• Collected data
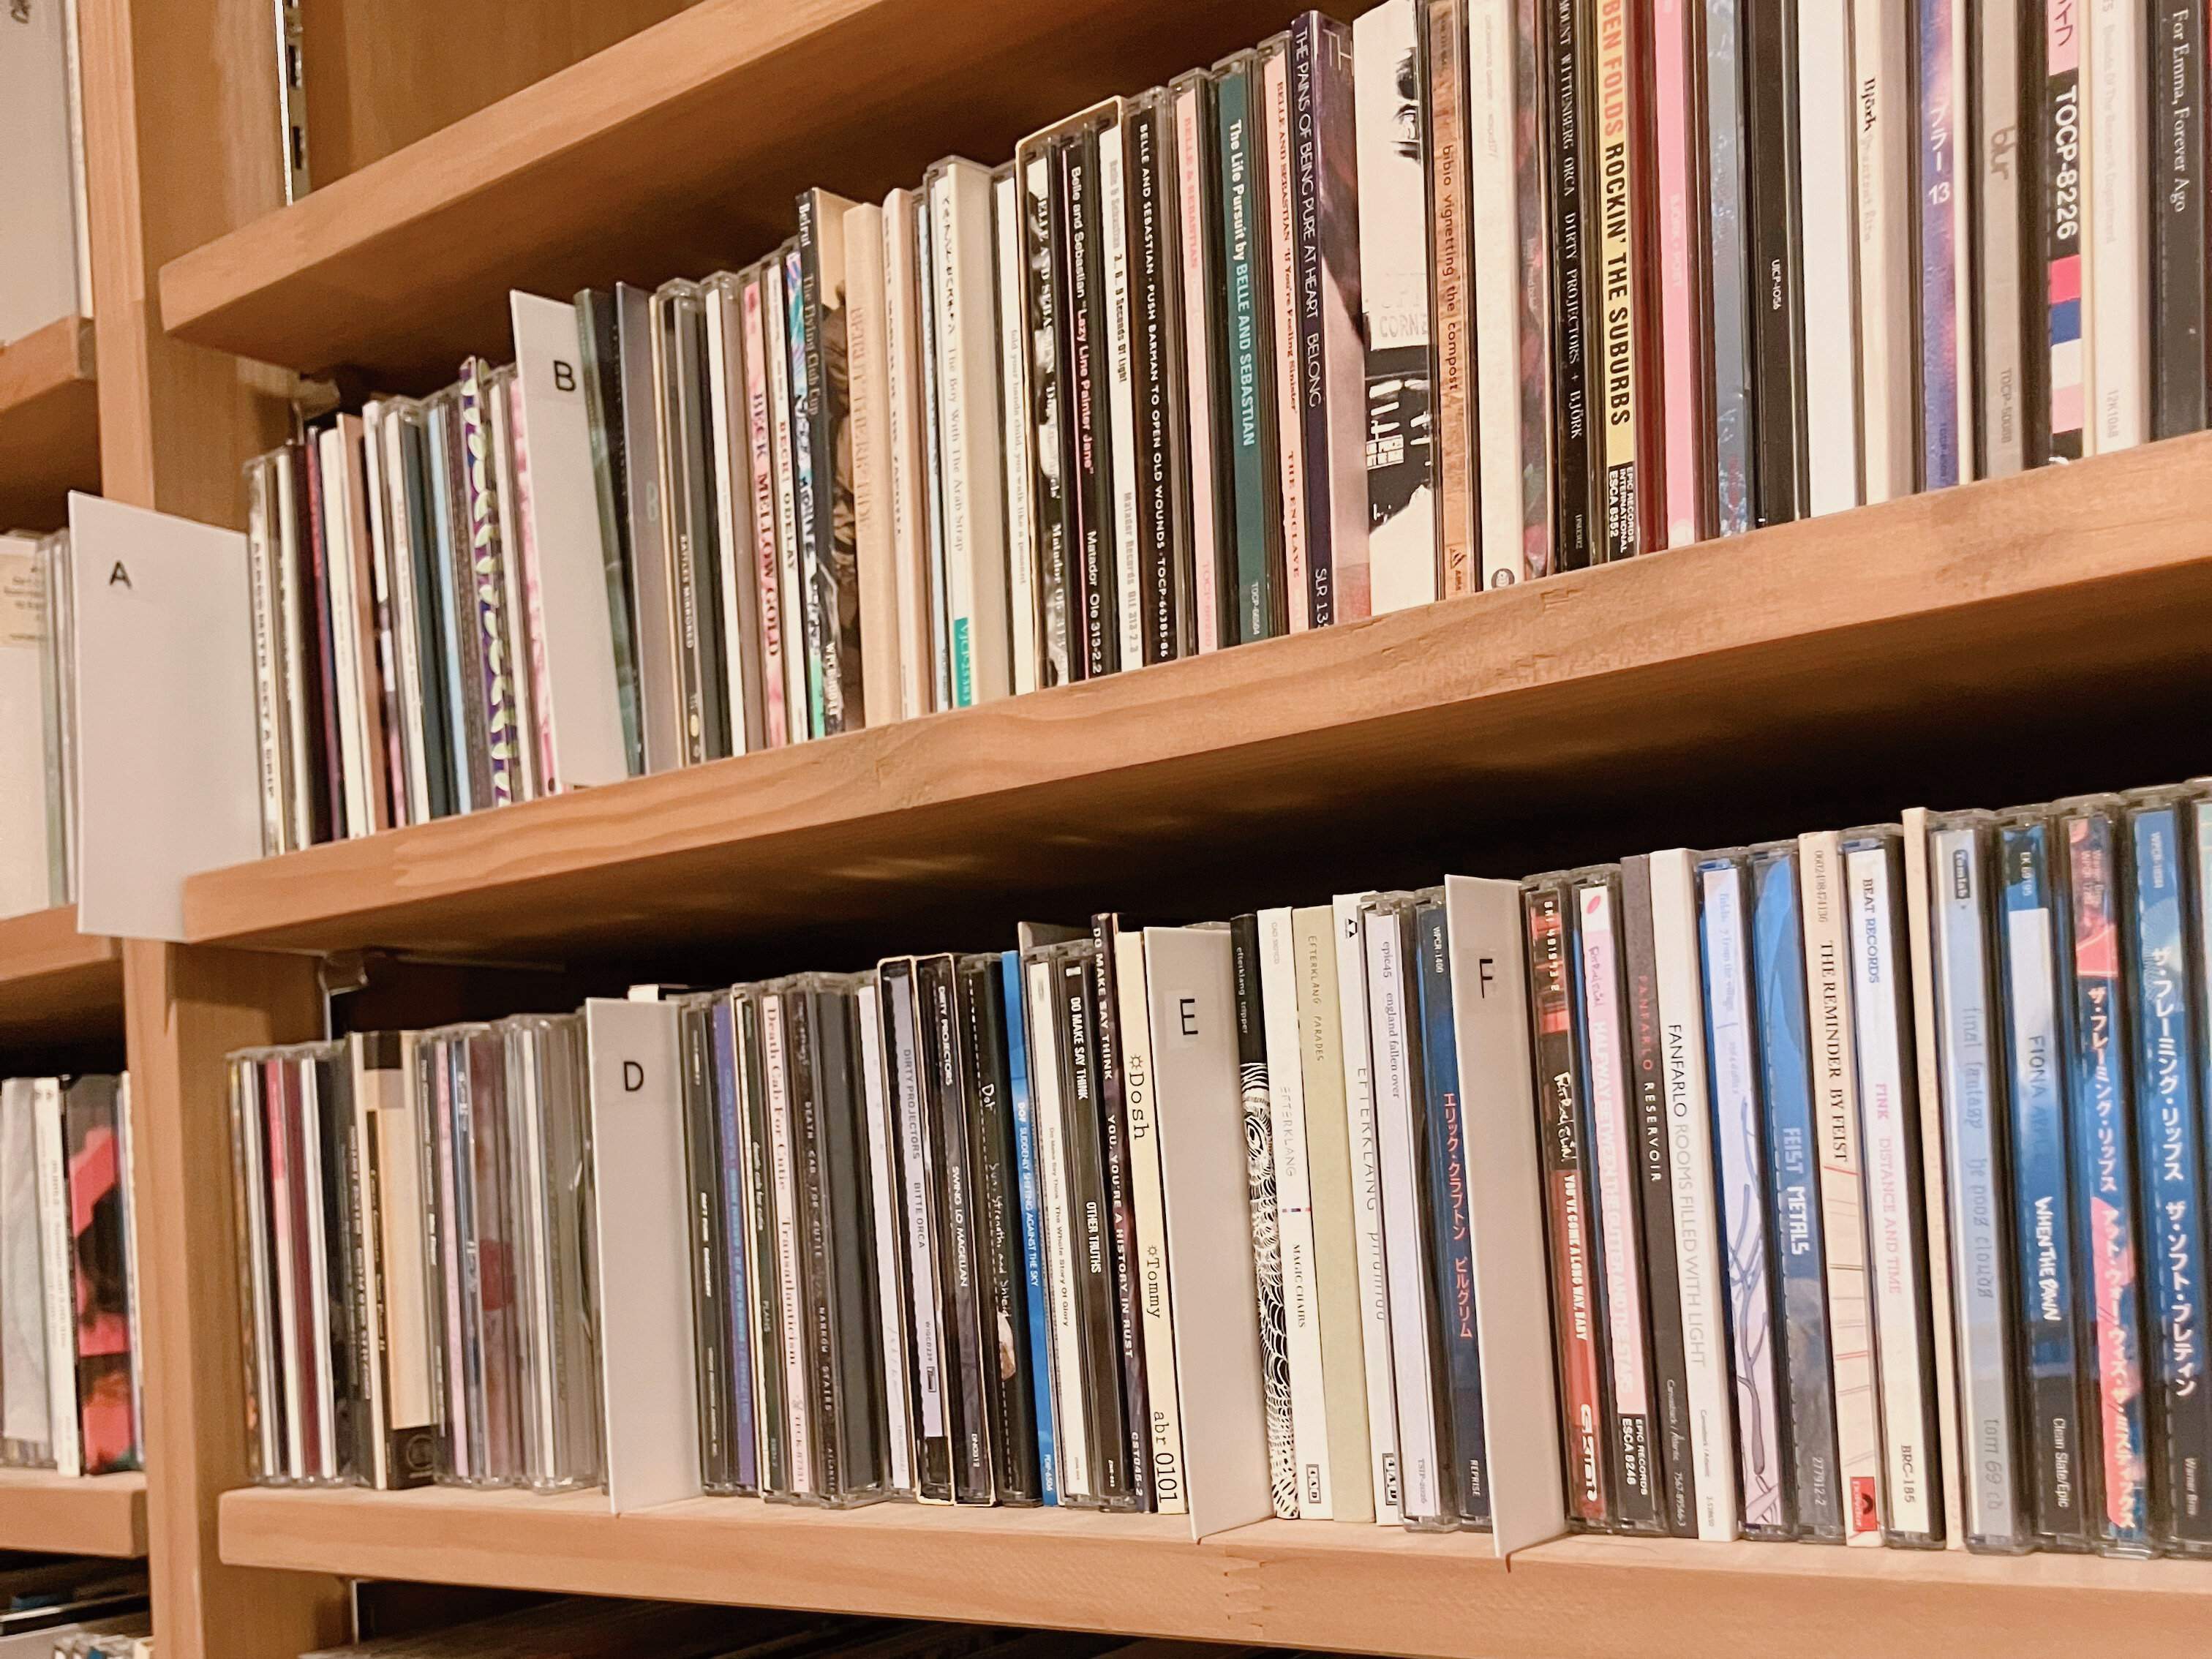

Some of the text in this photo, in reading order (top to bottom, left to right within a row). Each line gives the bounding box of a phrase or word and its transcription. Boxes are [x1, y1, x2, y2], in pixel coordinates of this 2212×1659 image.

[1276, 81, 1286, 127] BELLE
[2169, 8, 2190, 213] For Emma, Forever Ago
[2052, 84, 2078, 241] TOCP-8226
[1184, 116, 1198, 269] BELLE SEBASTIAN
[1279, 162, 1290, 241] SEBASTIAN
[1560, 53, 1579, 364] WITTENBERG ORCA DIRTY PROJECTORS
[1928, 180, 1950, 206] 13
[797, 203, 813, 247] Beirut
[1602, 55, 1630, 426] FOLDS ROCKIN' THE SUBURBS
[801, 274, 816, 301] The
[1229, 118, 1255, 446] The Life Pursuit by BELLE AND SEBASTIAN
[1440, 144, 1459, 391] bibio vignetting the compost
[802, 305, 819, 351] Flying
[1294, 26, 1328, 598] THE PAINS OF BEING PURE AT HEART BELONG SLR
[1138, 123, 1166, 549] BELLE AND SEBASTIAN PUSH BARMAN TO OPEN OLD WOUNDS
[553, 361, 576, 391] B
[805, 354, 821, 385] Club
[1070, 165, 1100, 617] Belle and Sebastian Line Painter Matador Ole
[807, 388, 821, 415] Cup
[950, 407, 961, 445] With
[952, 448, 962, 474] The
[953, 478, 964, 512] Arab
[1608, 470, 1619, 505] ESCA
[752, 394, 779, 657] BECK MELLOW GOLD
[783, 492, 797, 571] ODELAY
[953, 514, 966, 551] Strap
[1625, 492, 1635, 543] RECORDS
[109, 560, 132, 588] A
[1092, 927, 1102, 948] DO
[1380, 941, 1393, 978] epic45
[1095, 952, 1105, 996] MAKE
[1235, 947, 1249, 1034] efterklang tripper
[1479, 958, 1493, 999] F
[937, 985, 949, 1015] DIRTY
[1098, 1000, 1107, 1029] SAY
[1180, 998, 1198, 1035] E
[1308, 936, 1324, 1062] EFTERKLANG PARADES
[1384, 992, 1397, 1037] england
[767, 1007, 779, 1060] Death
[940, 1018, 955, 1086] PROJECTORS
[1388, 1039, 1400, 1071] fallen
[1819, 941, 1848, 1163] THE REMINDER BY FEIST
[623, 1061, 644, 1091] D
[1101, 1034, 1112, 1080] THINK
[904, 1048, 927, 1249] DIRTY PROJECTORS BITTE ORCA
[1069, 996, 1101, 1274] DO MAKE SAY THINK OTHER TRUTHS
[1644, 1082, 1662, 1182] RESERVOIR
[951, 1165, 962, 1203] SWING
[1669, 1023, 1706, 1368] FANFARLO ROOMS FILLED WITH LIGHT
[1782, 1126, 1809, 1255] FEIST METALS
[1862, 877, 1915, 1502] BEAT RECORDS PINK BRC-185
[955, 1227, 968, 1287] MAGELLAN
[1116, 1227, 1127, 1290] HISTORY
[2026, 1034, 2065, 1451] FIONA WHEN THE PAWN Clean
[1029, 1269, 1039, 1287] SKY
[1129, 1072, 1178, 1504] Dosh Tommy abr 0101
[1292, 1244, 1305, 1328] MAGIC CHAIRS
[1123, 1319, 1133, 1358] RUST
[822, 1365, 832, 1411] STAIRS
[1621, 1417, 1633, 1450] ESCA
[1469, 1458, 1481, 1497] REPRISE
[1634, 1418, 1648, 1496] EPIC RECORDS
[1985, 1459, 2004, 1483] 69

• Task requirements
Line for line, restate the data above and omit every picture.

• Task answer
Some of the text in this photo, in reading order (top to bottom, left to right within a row). Each line gives the bounding box of a phrase or word and its transcription. Boxes are [x1, y1, x2, y2], in pixel coordinates of this 2212×1659 image.

[1276, 81, 1286, 127] BELLE
[2169, 8, 2190, 213] For Emma, Forever Ago
[2052, 84, 2078, 241] TOCP-8226
[1184, 116, 1198, 269] BELLE SEBASTIAN
[1279, 162, 1290, 241] SEBASTIAN
[1560, 53, 1579, 364] WITTENBERG ORCA DIRTY PROJECTORS
[1928, 180, 1950, 206] 13
[797, 203, 813, 247] Beirut
[1602, 55, 1630, 426] FOLDS ROCKIN' THE SUBURBS
[801, 274, 816, 301] The
[1229, 118, 1255, 446] The Life Pursuit by BELLE AND SEBASTIAN
[1440, 144, 1459, 391] bibio vignetting the compost
[802, 305, 819, 351] Flying
[1294, 26, 1328, 598] THE PAINS OF BEING PURE AT HEART BELONG SLR
[1138, 123, 1166, 549] BELLE AND SEBASTIAN PUSH BARMAN TO OPEN OLD WOUNDS
[553, 361, 576, 391] B
[805, 354, 821, 385] Club
[1070, 165, 1100, 617] Belle and Sebastian Line Painter Matador Ole
[807, 388, 821, 415] Cup
[950, 407, 961, 445] With
[952, 448, 962, 474] The
[953, 478, 964, 512] Arab
[1608, 470, 1619, 505] ESCA
[752, 394, 779, 657] BECK MELLOW GOLD
[783, 492, 797, 571] ODELAY
[953, 514, 966, 551] Strap
[1625, 492, 1635, 543] RECORDS
[109, 560, 132, 588] A
[1092, 927, 1102, 948] DO
[1380, 941, 1393, 978] epic45
[1095, 952, 1105, 996] MAKE
[1235, 947, 1249, 1034] efterklang tripper
[1479, 958, 1493, 999] F
[937, 985, 949, 1015] DIRTY
[1098, 1000, 1107, 1029] SAY
[1180, 998, 1198, 1035] E
[1308, 936, 1324, 1062] EFTERKLANG PARADES
[1384, 992, 1397, 1037] england
[767, 1007, 779, 1060] Death
[940, 1018, 955, 1086] PROJECTORS
[1388, 1039, 1400, 1071] fallen
[1819, 941, 1848, 1163] THE REMINDER BY FEIST
[623, 1061, 644, 1091] D
[1101, 1034, 1112, 1080] THINK
[904, 1048, 927, 1249] DIRTY PROJECTORS BITTE ORCA
[1069, 996, 1101, 1274] DO MAKE SAY THINK OTHER TRUTHS
[1644, 1082, 1662, 1182] RESERVOIR
[951, 1165, 962, 1203] SWING
[1669, 1023, 1706, 1368] FANFARLO ROOMS FILLED WITH LIGHT
[1782, 1126, 1809, 1255] FEIST METALS
[1862, 877, 1915, 1502] BEAT RECORDS PINK BRC-185
[955, 1227, 968, 1287] MAGELLAN
[1116, 1227, 1127, 1290] HISTORY
[2026, 1034, 2065, 1451] FIONA WHEN THE PAWN Clean
[1029, 1269, 1039, 1287] SKY
[1129, 1072, 1178, 1504] Dosh Tommy abr 0101
[1292, 1244, 1305, 1328] MAGIC CHAIRS
[1123, 1319, 1133, 1358] RUST
[822, 1365, 832, 1411] STAIRS
[1621, 1417, 1633, 1450] ESCA
[1469, 1458, 1481, 1497] REPRISE
[1634, 1418, 1648, 1496] EPIC RECORDS
[1985, 1459, 2004, 1483] 69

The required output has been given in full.